I think my boyfriend's in love with his nanny. 

It started out casually, began like any other mentor and moody teenager relationship would. But then things began to change.

He looks at her in a different way now. Like she's the only one in the room. He attempts to flirt and charm the older woman with his stupid smirk. He sneaks into her room at night and pretends like I don't notice.

The other day I found her underwear in our room, along with a bunch of photos of her sleeping.

My boyfriend is most definitely smitten with the nanny.

I just don't understand why.

I mean, don't get me wrong. She's pretty, she really is. Short blond hair, crystal blue eyes, tall and content with everything around her. But... Brutally bland and average. She's just unspecial.

So why her, Miles?

He wasn't like this with Miss Jessel but I suppose maybe that's because Quint was the one to do that.

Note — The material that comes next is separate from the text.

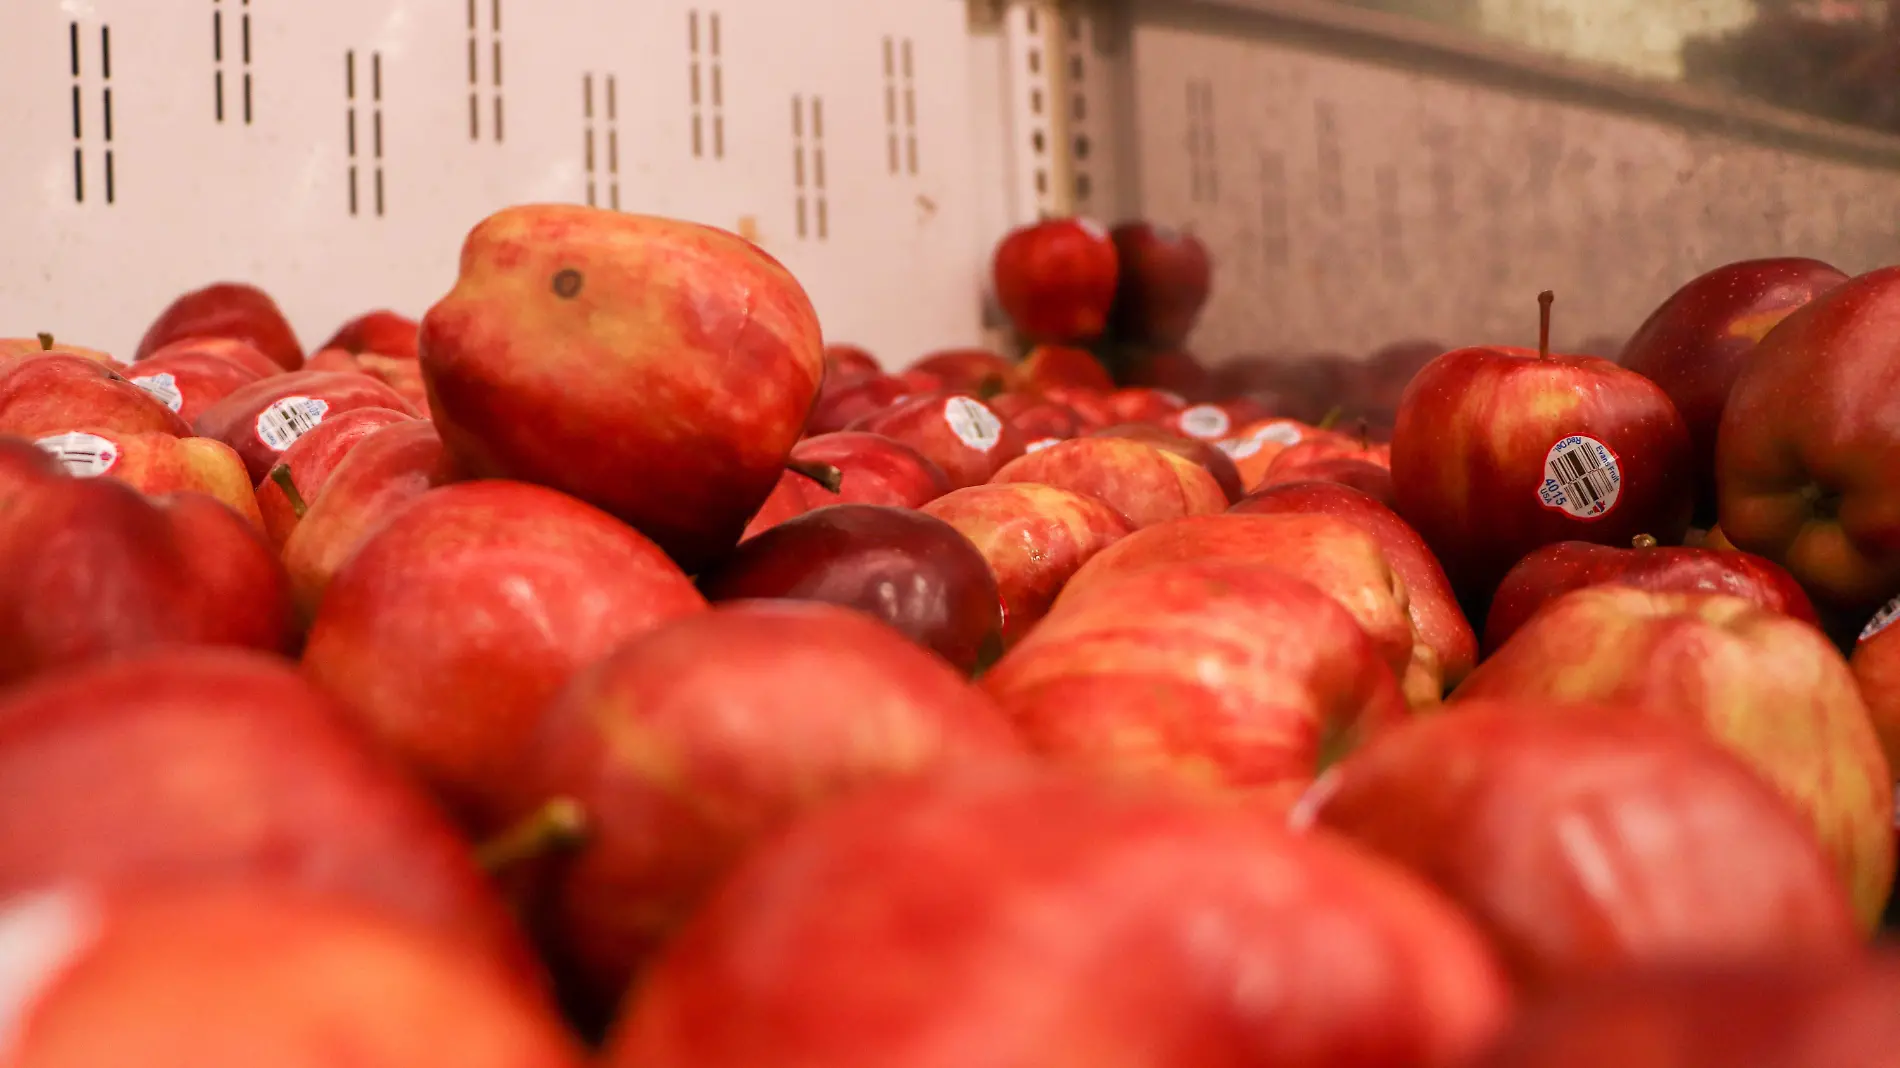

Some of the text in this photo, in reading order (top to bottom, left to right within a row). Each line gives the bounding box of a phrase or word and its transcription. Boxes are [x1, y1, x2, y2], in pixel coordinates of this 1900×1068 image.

Since the two are both gone maybe my poor Miles is just lost?

I surely hope that's what it is. He's in love with me like I'm in love with him, it's always been that way.

Now he's distant and the unaware nanny has caught his heart.

It makes me wonder what I did wrong. Did I not satisfy him? Would he rather have an older taller woman? Maybe I was too immature for him.

I'm not sure, my emotions are all over the place right now. Trust me, I'm aware.

I led Kate over to the grand fireplace, showing her around since she hadn't seen that part of the house yet.

It wasn't by coincidence though. Any time my eyes darted over to the wood chunks in the fire pit I would be reminded of why I was here. Then my mind goes straight to how the wood got into the chunks in the first place. And finally, my eyes glance over to the ax sitting gently next to the fireplace.

Yet, I kept my composure and continued entertaining Kate. The two of us exchanged kind words and small talk, you know, what you're supposed to do in a friendly conversation.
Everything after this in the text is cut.